From 5c870c548107085c2582f856e3b2d63b747dcd1e Mon Sep 17 00:00:00 2001
From: mo khan <mo@mokhan.ca>
Date: Wed, 2 Apr 2025 14:24:07 -0600
Subject: refactor: attempt to model a public policy in cedar

---
 pkg/policies/entities.json    |  6 ------
 pkg/policies/gtwy.cedar       | 16 ++++++++++++++++
 pkg/policies/init.go          |  2 +-
 pkg/policies/policies_test.go | 32 ++++++++++++++++++++++++++++++++
 pkg/policies/rest.cedar       | 12 ------------
 5 files changed, 49 insertions(+), 19 deletions(-)

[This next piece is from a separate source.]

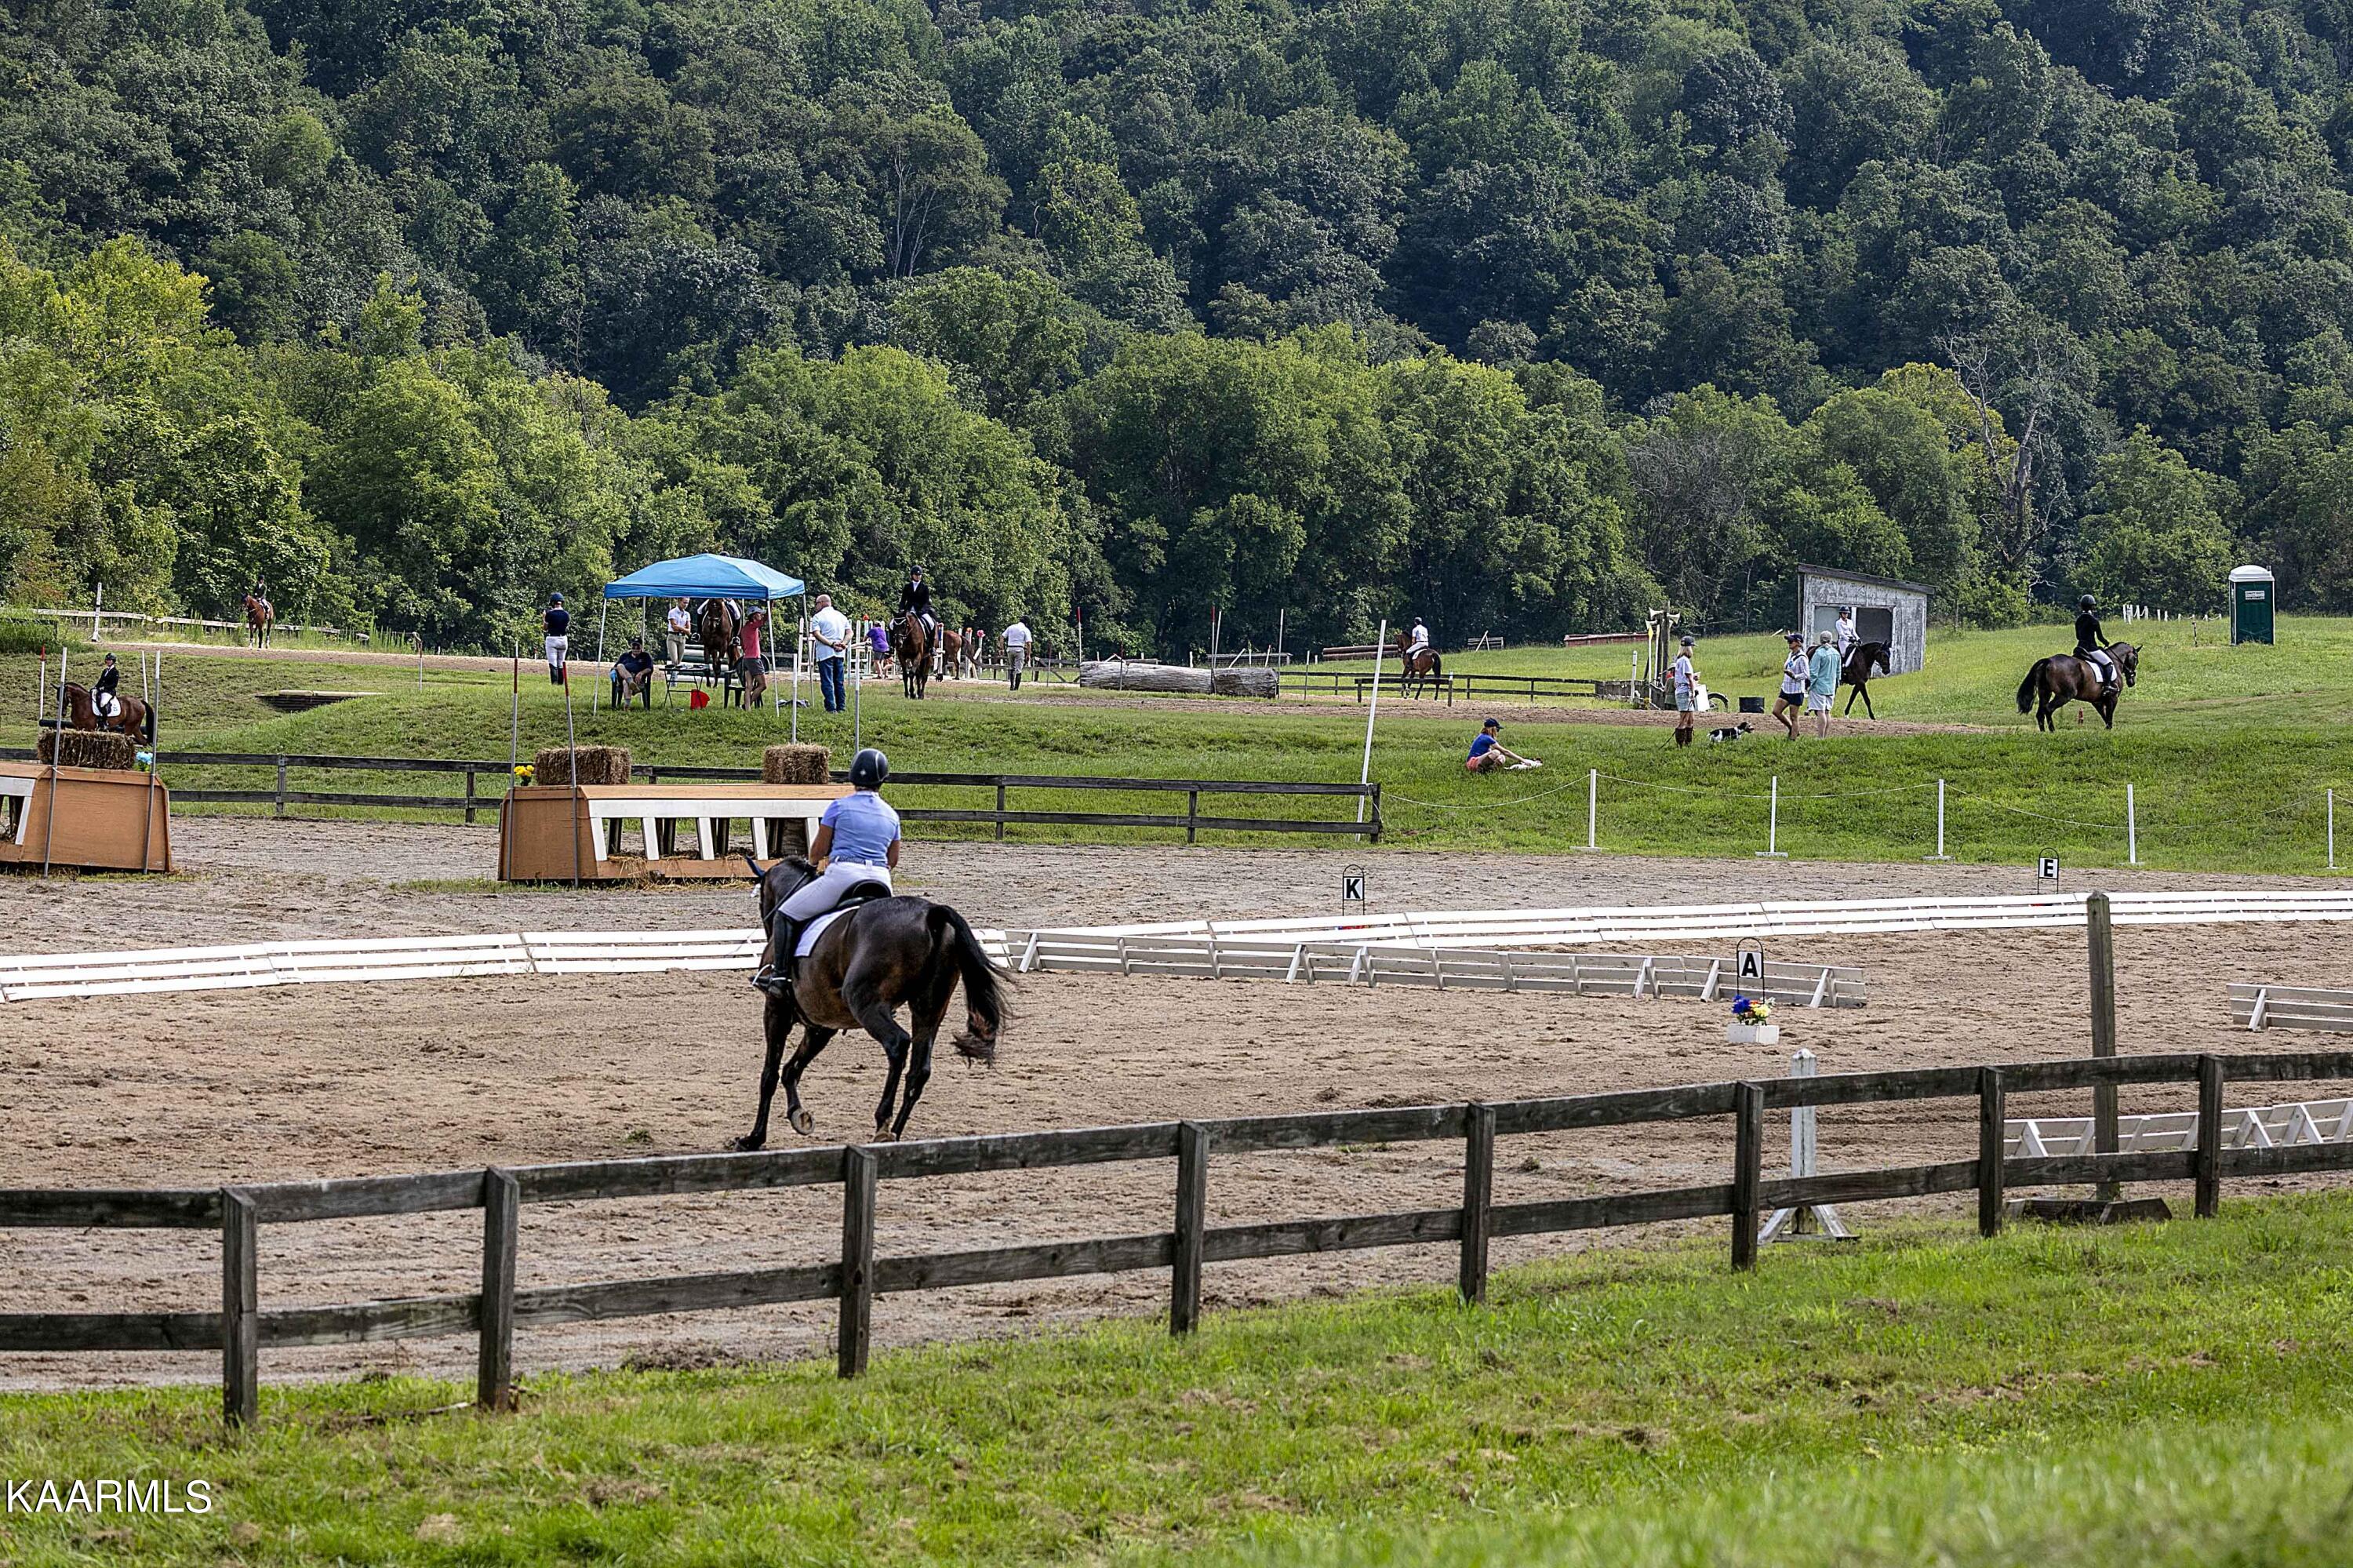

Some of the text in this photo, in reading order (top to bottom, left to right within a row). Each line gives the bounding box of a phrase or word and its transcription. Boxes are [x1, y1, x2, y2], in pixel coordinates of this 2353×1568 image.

[2044, 859, 2053, 877] E
[1346, 879, 1361, 899] K
[1741, 952, 1758, 977] A

 create mode 100644 pkg/policies/gtwy.cedar
 delete mode 100644 pkg/policies/rest.cedar

diff --git a/pkg/policies/entities.json b/pkg/policies/entities.json
index 3df6e43e..2a7aa96a 100644
--- a/pkg/policies/entities.json
+++ b/pkg/policies/entities.json
@@ -302,11 +302,5 @@
         "id": "4"
       }
     ]
-  },
-  {
-    "uid": {
-      "type": "HttpPath",
-      "id": "/projects.json"
-    }
   }
 ]
diff --git a/pkg/policies/gtwy.cedar b/pkg/policies/gtwy.cedar
new file mode 100644
index 00000000..763ab5fa
--- /dev/null
+++ b/pkg/policies/gtwy.cedar
@@ -0,0 +1,16 @@
+permit (
+  principal == User::"1",
+  action in [
+    HttpMethod::"GET",
+    HttpMethod::"POST",
+    HttpMethod::"PUT",
+    HttpMethod::"PATCH",
+    HttpMethod::"DELETE",
+    HttpMethod::"HEAD"
+  ],
+  resource
+) when {
+  context.host == "api.example.com" ||
+  context.host == "idp.example.com" ||
+  context.host == "ui.example.com"
+};
diff --git a/pkg/policies/init.go b/pkg/policies/init.go
index a10526f7..42a23223 100644
--- a/pkg/policies/init.go
+++ b/pkg/policies/init.go
@@ -62,7 +62,7 @@ func init() {
 
 func Allowed(request cedar.Request) bool {
 	ok, diagnostic := All.IsAuthorized(Entities, request)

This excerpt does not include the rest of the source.